Data extracted from a collection:
---*---

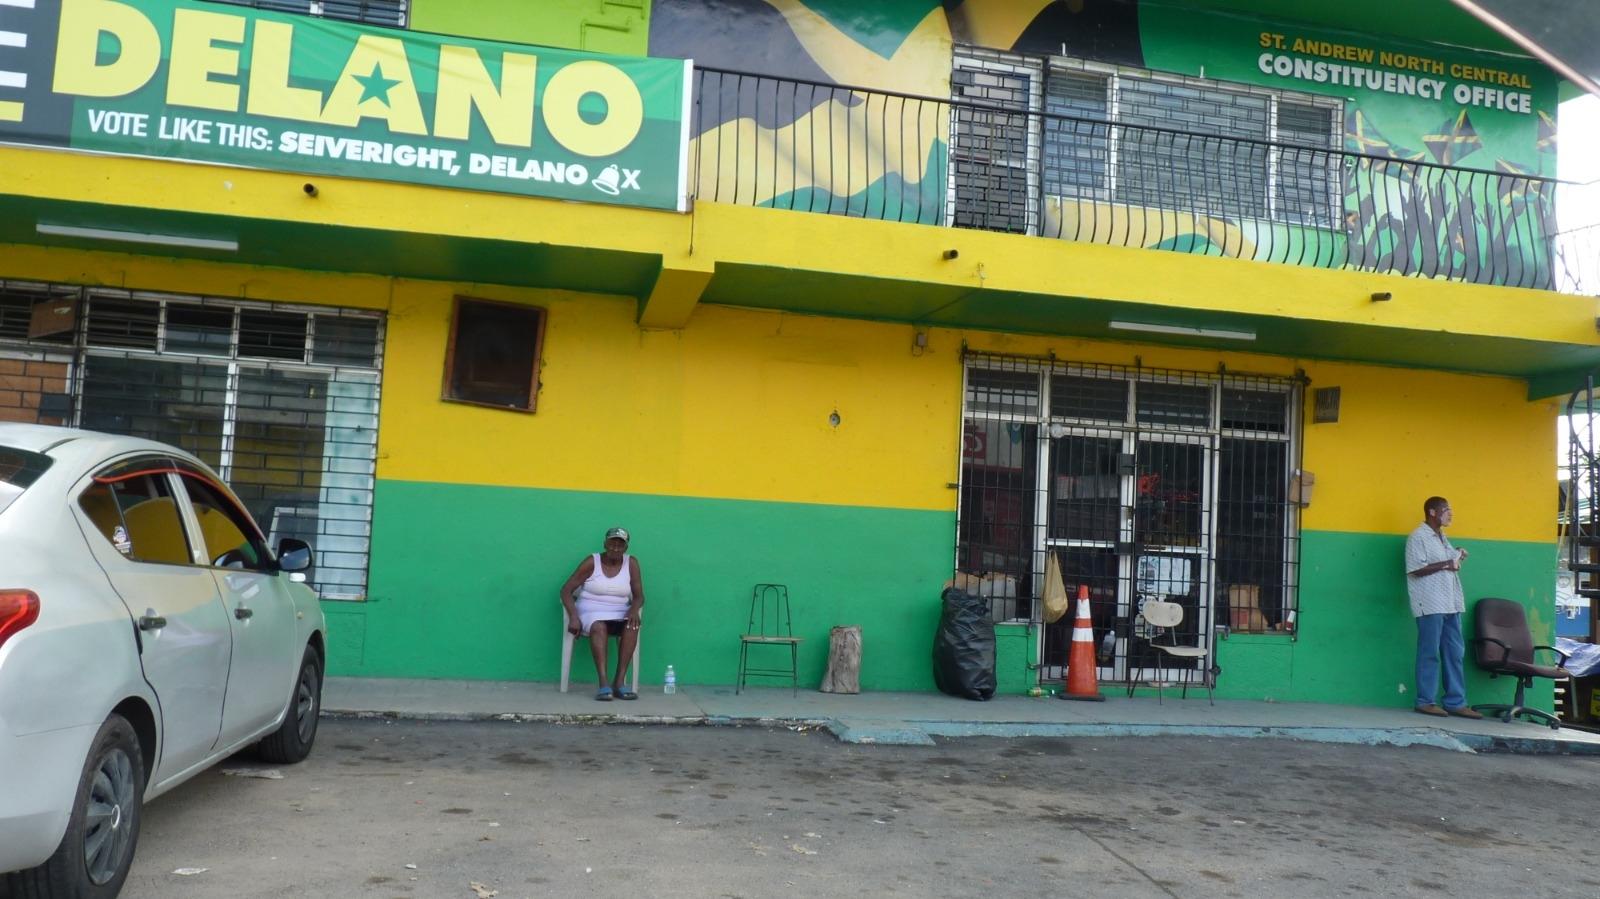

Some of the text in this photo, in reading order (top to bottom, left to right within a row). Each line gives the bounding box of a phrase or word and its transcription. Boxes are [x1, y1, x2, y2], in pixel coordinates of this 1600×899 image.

[53, 0, 643, 157] DELANO
[1258, 53, 1532, 114] CONSTITUENCY OFFICE
[1260, 32, 1532, 88] ST. ANDREW NORTH CENTRAL
[88, 109, 641, 190] VOTE LIKE THIS: SEIVERIGHT, DELANO X
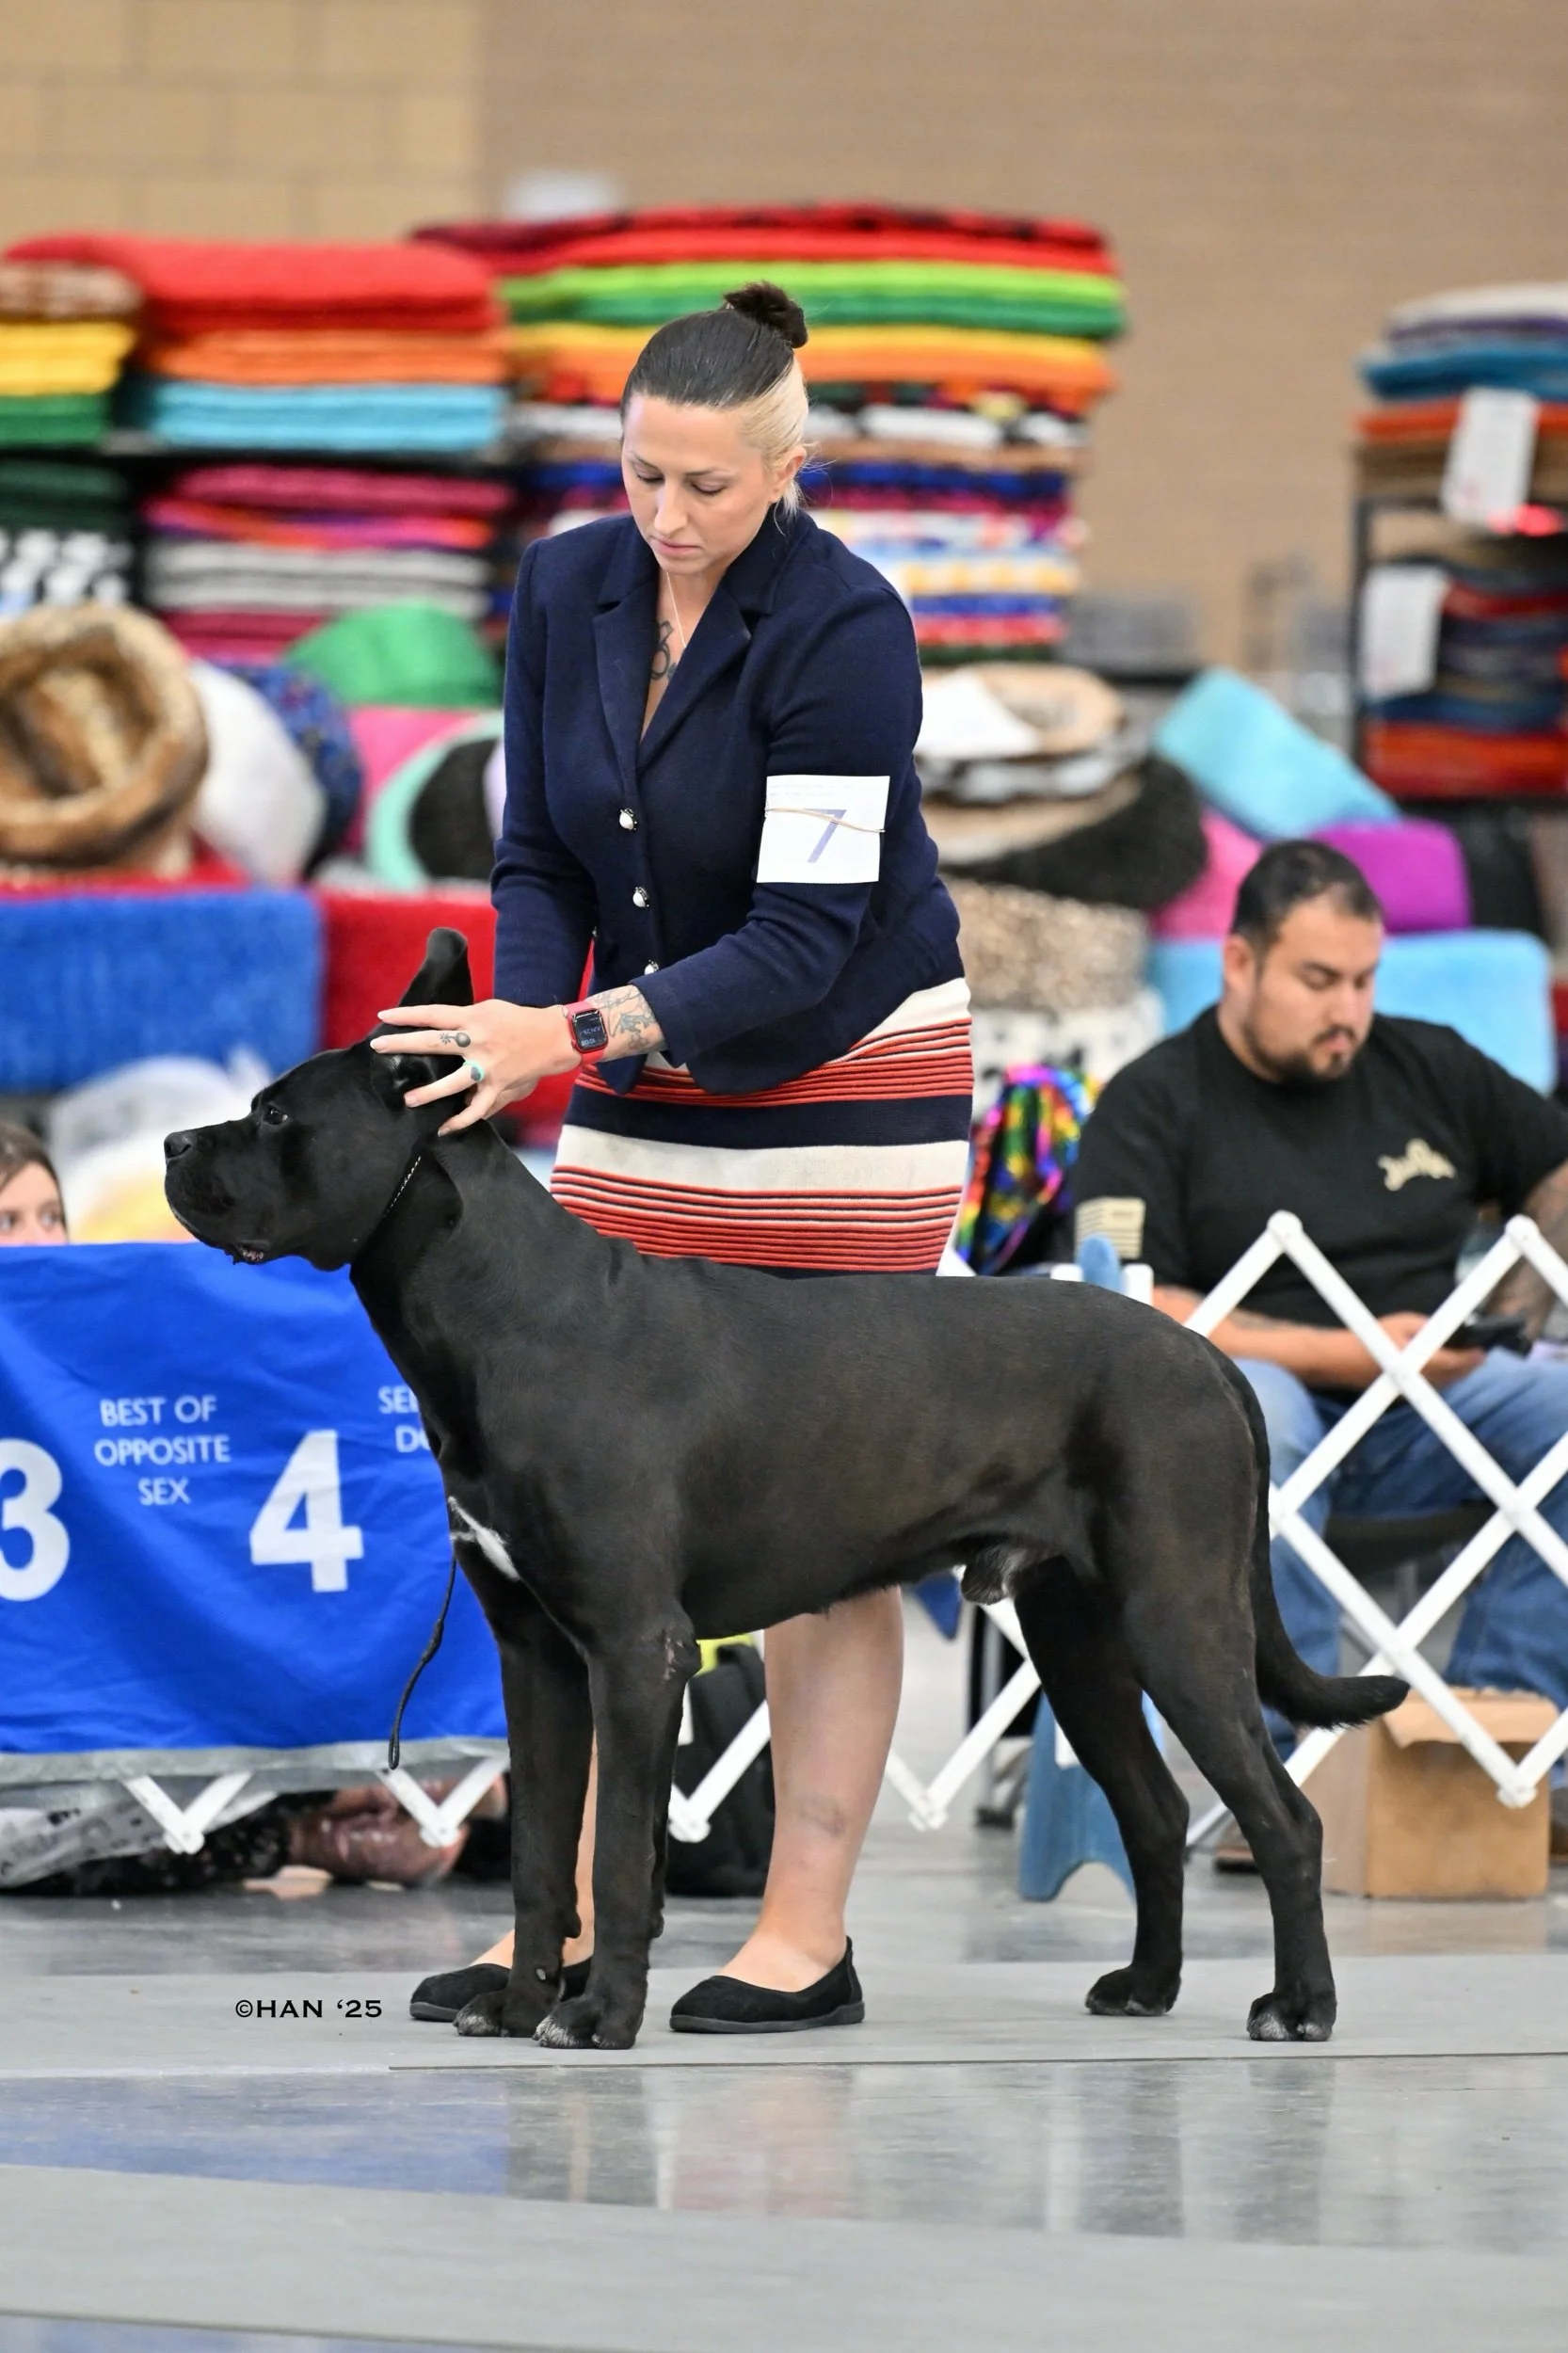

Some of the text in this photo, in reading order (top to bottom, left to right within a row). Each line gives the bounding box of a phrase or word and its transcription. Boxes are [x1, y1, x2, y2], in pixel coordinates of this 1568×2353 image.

[804, 808, 847, 863] 7
[100, 1395, 217, 1427] BEST OF
[94, 1434, 232, 1466] OPPOSITE
[138, 1477, 191, 1506] SEX
[249, 1429, 364, 1593] 4
[0, 1438, 71, 1601] 3
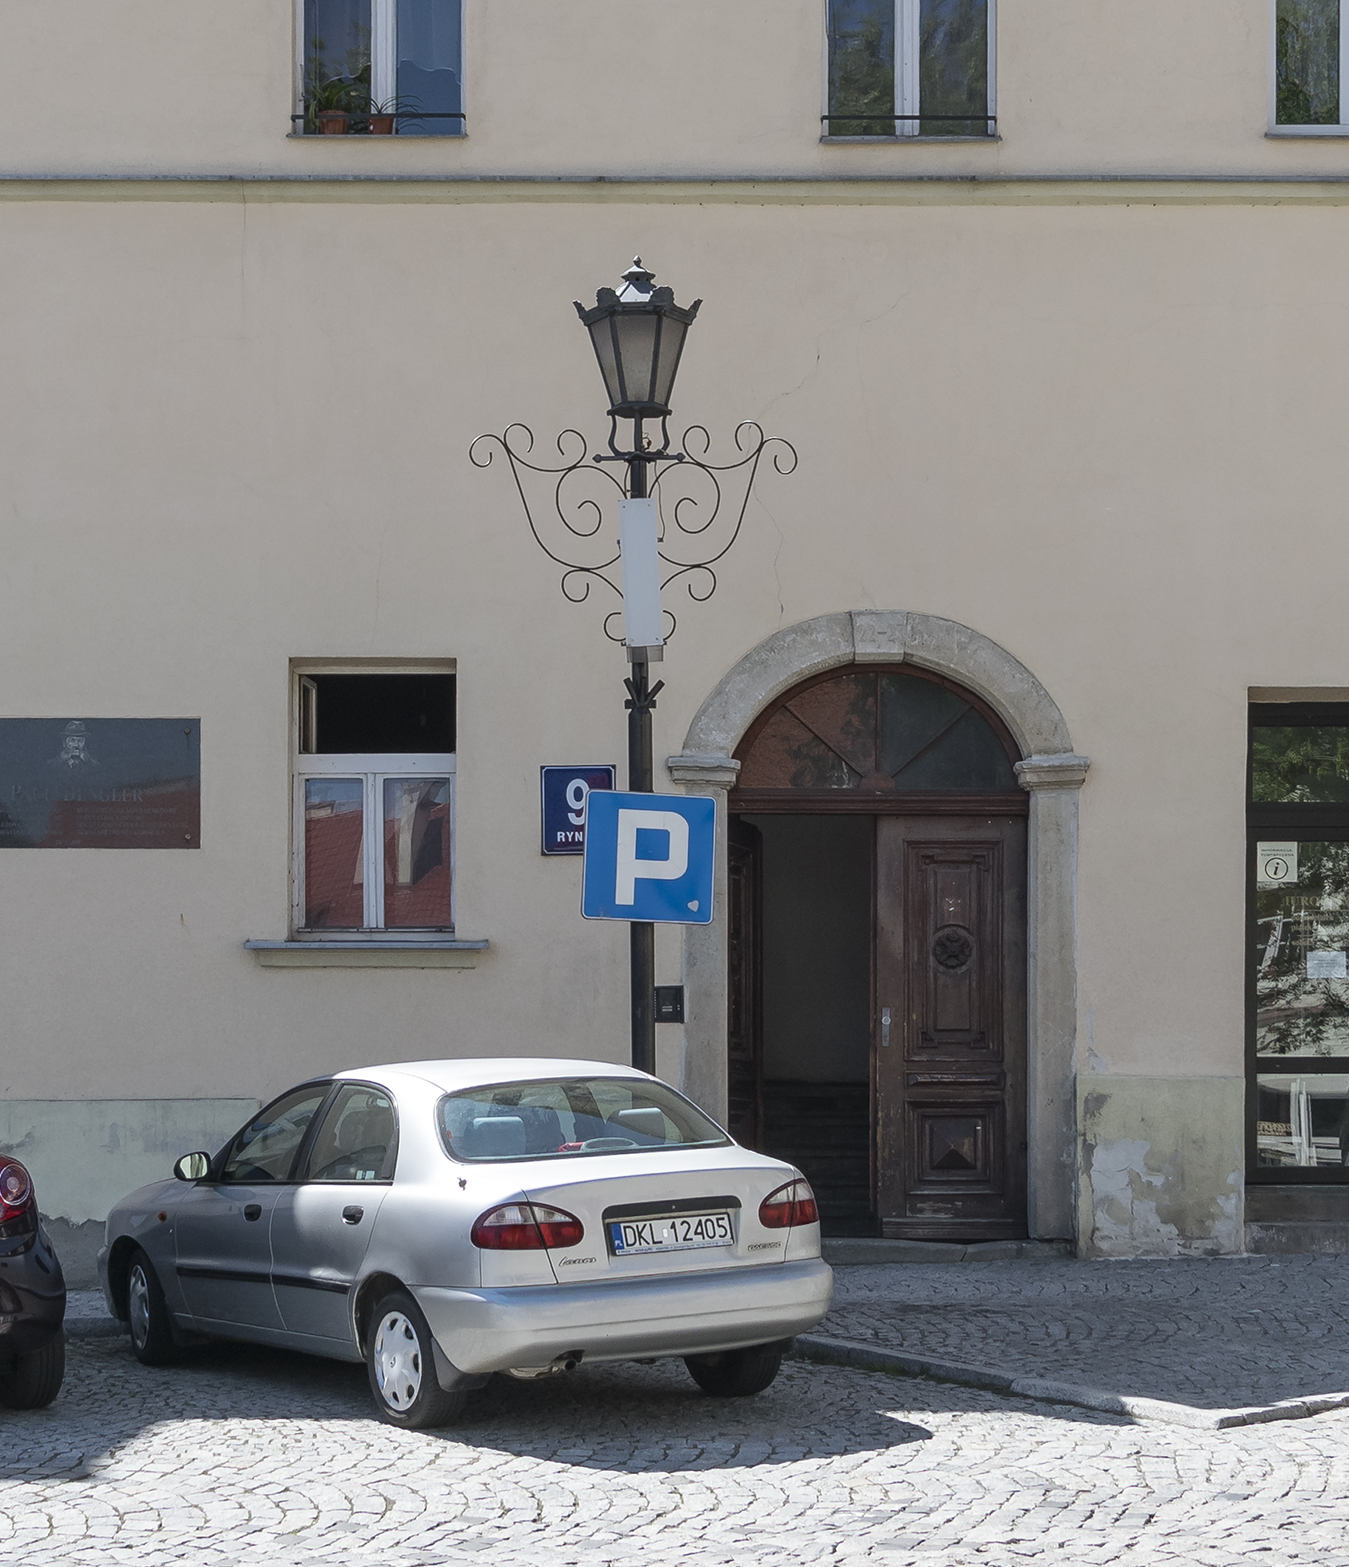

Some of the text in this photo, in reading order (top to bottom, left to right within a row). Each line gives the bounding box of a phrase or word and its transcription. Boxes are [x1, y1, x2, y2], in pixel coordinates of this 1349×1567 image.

[565, 778, 588, 826] 9
[557, 831, 583, 843] RYN
[615, 808, 690, 906] P
[623, 1222, 663, 1248] DKL
[669, 1216, 728, 1244] 12405

---*---

= Task statement =
Each line of the data above is to be output exactly; the pictures are not to appear.

= The completed task =
Some of the text in this photo, in reading order (top to bottom, left to right within a row). Each line gives the bounding box of a phrase or word and its transcription. Boxes are [x1, y1, x2, y2], in pixel coordinates of this 1600×899 image.

[53, 0, 643, 157] DELANO
[1258, 53, 1532, 114] CONSTITUENCY OFFICE
[1260, 32, 1532, 88] ST. ANDREW NORTH CENTRAL
[88, 109, 641, 190] VOTE LIKE THIS: SEIVERIGHT, DELANO X

Some of the text in this photo, in reading order (top to bottom, left to right within a row). Each line gives the bounding box of a phrase or word and its transcription. Boxes are [x1, y1, x2, y2], in pixel coordinates of this 1568×2353 image.

[804, 808, 847, 863] 7
[100, 1395, 217, 1427] BEST OF
[94, 1434, 232, 1466] OPPOSITE
[138, 1477, 191, 1506] SEX
[249, 1429, 364, 1593] 4
[0, 1438, 71, 1601] 3

Some of the text in this photo, in reading order (top to bottom, left to right within a row). Each line gives the bounding box of a phrase or word and its transcription. Boxes are [x1, y1, x2, y2], in pixel coordinates of this 1349×1567 image.

[565, 778, 588, 826] 9
[557, 831, 583, 843] RYN
[615, 808, 690, 906] P
[623, 1222, 663, 1248] DKL
[669, 1216, 728, 1244] 12405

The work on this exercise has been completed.